The older Christian tradition had a category for the appetite Jesus is diagnosing here, though we rarely use it today. Medieval theologians described gluttony not merely as an excessive appetite for food but as any appetite that has lost its proper measure, any desire that has slipped out of proportion to its rightful end. By that definition, the hunger for recognition, the desire to be seen as holy, devoted, and spiritually serious, is a form of gluttony. It is an appetite that has grown beyond its proper boundaries and taken over disciplines meant for an entirely different purpose.

What makes this appetite so difficult to identify is that it attaches itself to genuinely good activities. The Pharisees were actually fasting. The discipline was real. The posture was present. The suffering, at least some of it, was genuine. But underneath the genuine practice, something had gone wrong at the root.
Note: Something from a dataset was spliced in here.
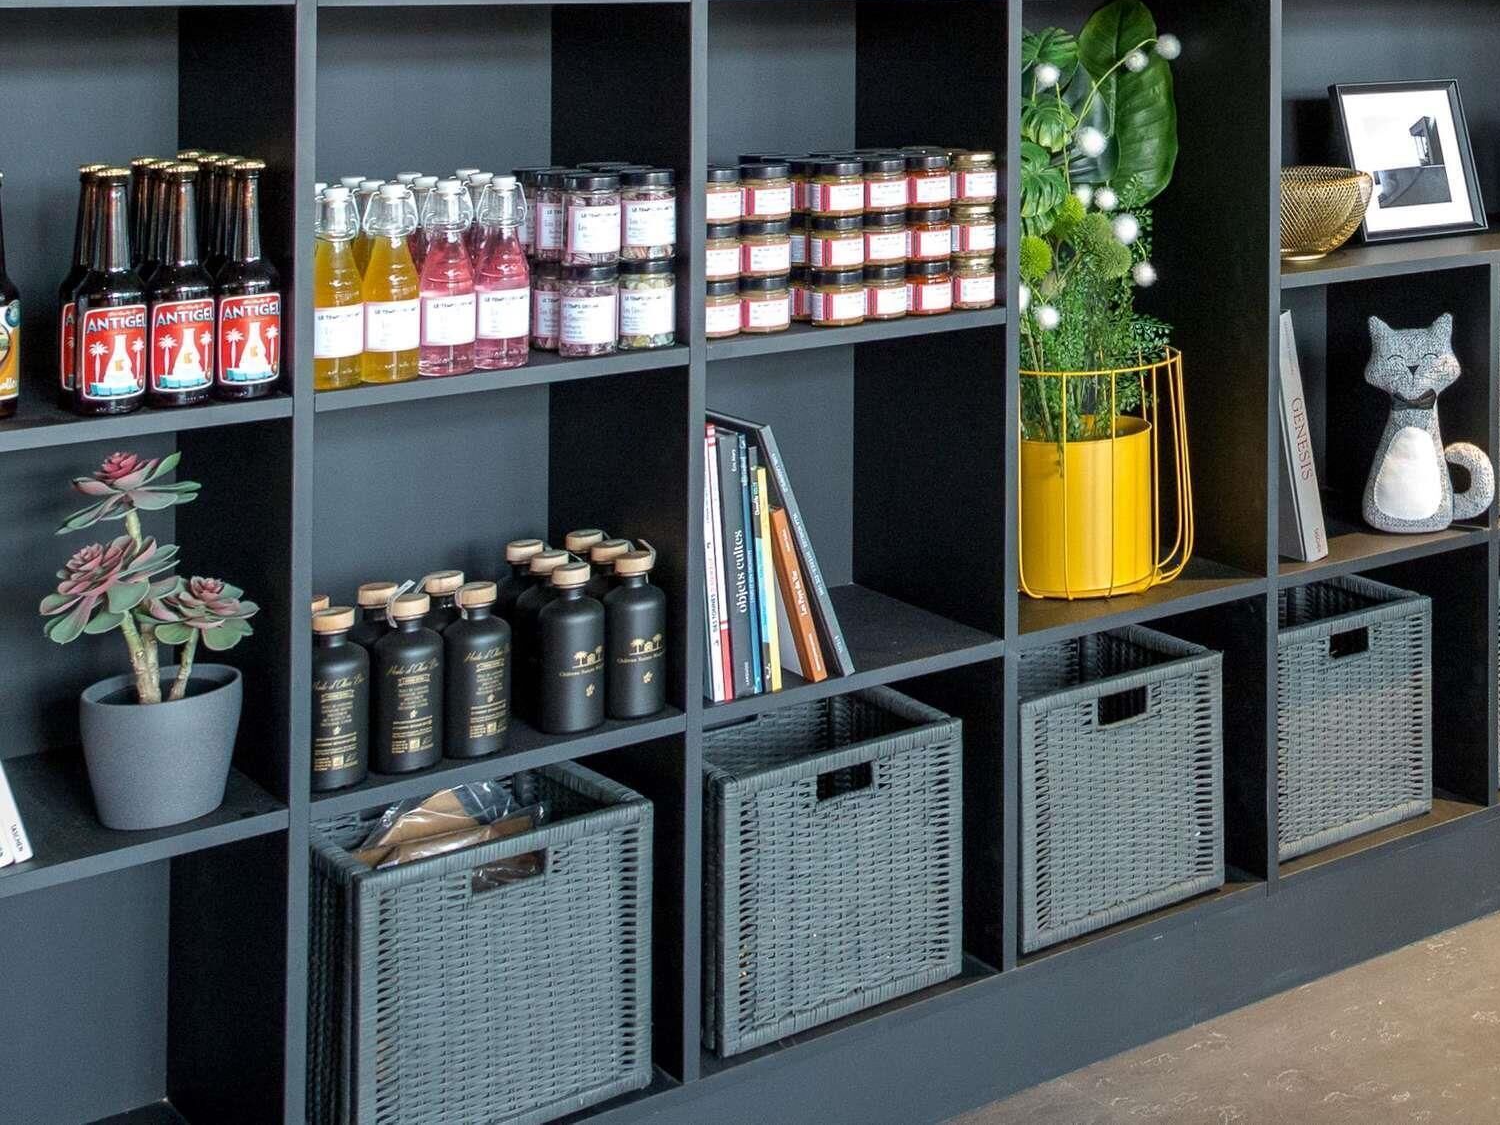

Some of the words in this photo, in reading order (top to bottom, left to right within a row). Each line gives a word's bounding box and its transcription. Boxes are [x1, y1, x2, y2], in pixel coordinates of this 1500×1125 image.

[1290, 396, 1313, 481] GENESIS
[733, 530, 745, 570] cultes
[734, 571, 749, 613] objets
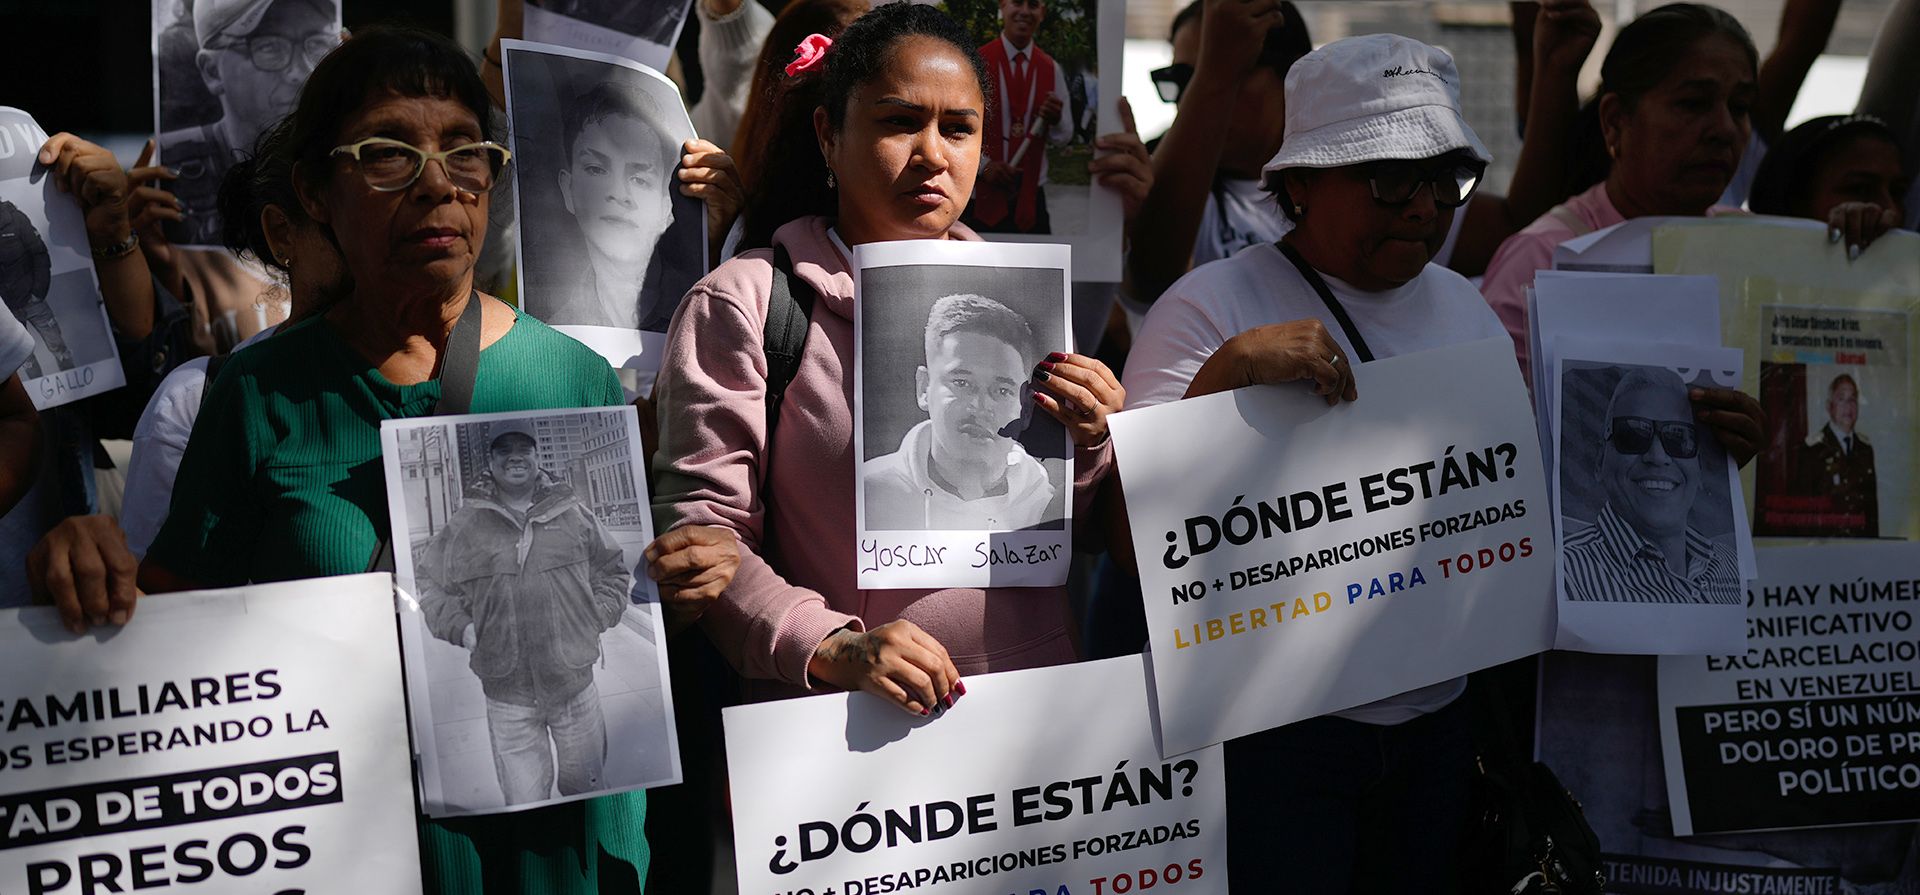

The fast that was meant to orient the heart toward God had been hijacked by a hunger for human admiration. And because the surface behavior was identical to genuine fasting, the corruption was almost invisible, at least to the one performing it.

This is what makes the appetite for recognition so dangerous. It does not announce itself. It does not show up and say, ‘I am here to corrupt your fasting.’ It shows up as a reasonable desire to be encouraged, acknowledged, or simply noticed. It shows up as a mild disappointment when service goes unrecognized, a small resentment when sacrifice is taken for granted, a quiet ache when no one says thank you. These are not dramatic sins. They are, as the sermon put it, the subtlest of the subtle. And they are, Jesus says, enough to empty a discipline entirely of its heavenly content.